Ukraine Mulls Sanctions on Russia for 22-Year Sentence of Ukrainian Pilot

A Russian court has sentenced Ukrainian pilot Nadiya Savchenko to 22 years in prison over the deaths of two Russian journalists. The development has led Ukrainian President Petro Poroshenko to consider sanctions against the Russian officials responsible for the trial.

The trial took place in Donetsk, Russia, near the Ukrainian border. It shares a name with Donetsk, Ukraine, one of the epicenters of the separatist movement in the East that sparked in 2014.

Officials charged Savchenko “with acting as a spotter in an artillery attack that killed Russian state television journalists Igor Kornelyuk and Anton Voloshin.” Both died in a mortar attack outside of Luhansk.

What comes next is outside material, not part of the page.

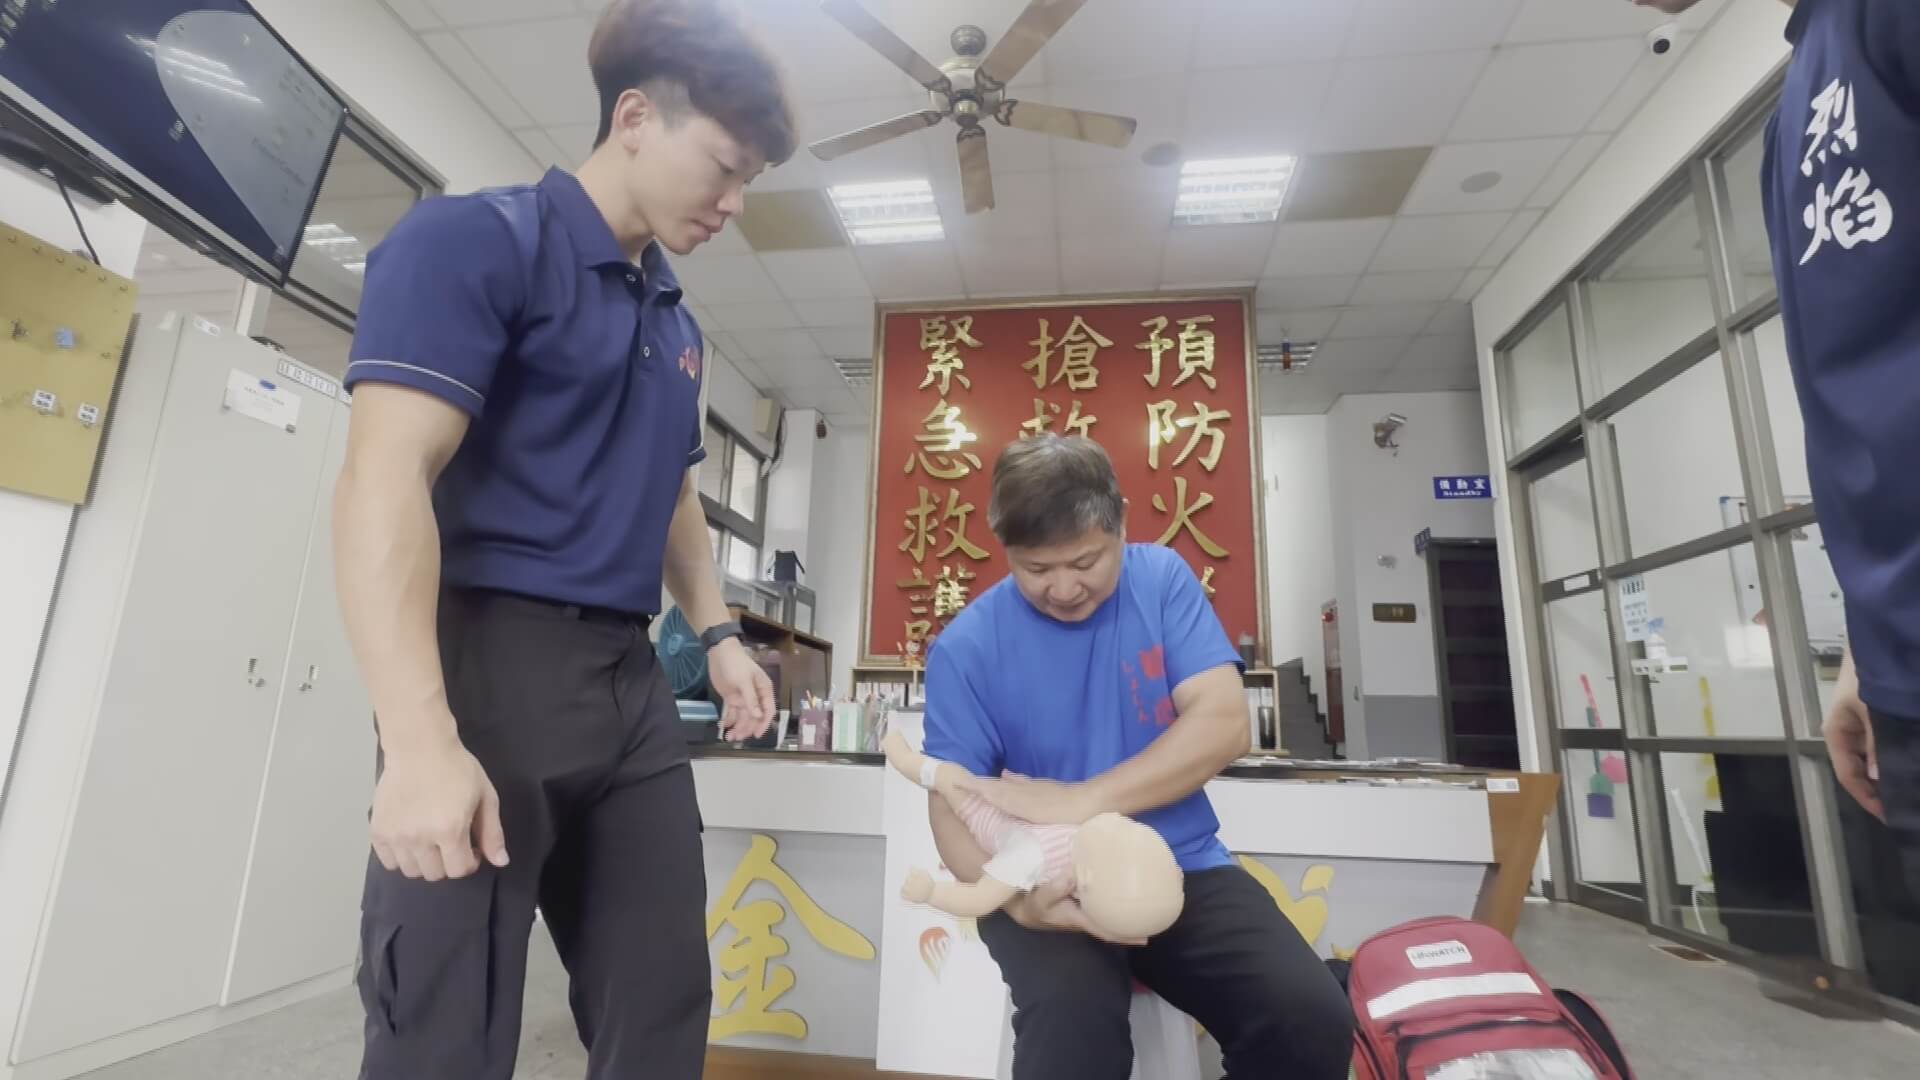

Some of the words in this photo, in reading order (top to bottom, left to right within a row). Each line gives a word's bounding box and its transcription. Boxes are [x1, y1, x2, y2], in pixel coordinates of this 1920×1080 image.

[1800, 78, 1893, 266] 烈焰
[1135, 314, 1232, 598] 預防火
[707, 833, 877, 1041] 金

The West has condemned and called her trial a “farce.” The AFP reports:

The months-long trial has been described as a farce by Western politicians and human rights groups in Ukraine and abroad. Savchenko’s defense team has complained that key witnesses were not permitted to testify, and that evidence they say proves Savchenko’s innocence, including mobile phone records, was ignored by the court. In particular, they said mobile phone records for Savchenko and Kornelyuk show that the Ukrainian pilot had been taken captive an hour before the deaths of the Russian journalists.

Savchenko mocked the trial process throughout, and on the last day of hearings on March 9 cast an insulting single-fingered gesture at the presiding judge.

“You can’t put everyone behind bars – there will be a Maidan (uprising) in Russia,” she told the court. “(Russian President Vladimir) Putin will not be able to keep his power on the blood of the people. All I can do is show by example that by being fearless and strong the Russian state and its totalitarian regime can be whipped into submission.”

She added, “And now do you want my final statement? This is my final statement! Can you see it?”

Russian authorities claimed they detained Savchenko when she illegally crossed the border. She said separatists captured her in Luhansk Oblast and that she was “‘sold’ to the Russian authorities in exchange for arms and equipment.”

“The verdict is an indisputable proof that it is useless to seek justice in modern Russia,” declared Ukraine’s Ministry of Foreign Affairs:

When Russia is politically driven, it disregards the fundamental norms and principles of international law, its national legislation, humanity, justice and morality. This unlawful decision, based on the bogus investigation represents not the verdict to Nadiya Savchenko but to Russia itself, in which the Kremlin crushed down any fairness and justice.

Poroshenko asked the National Security and Defense Council about sanctions “against Russian officials involved” in Savchenko’s prosecution. He said he would exchange two Russians for her after her “sentence comes fully into force.”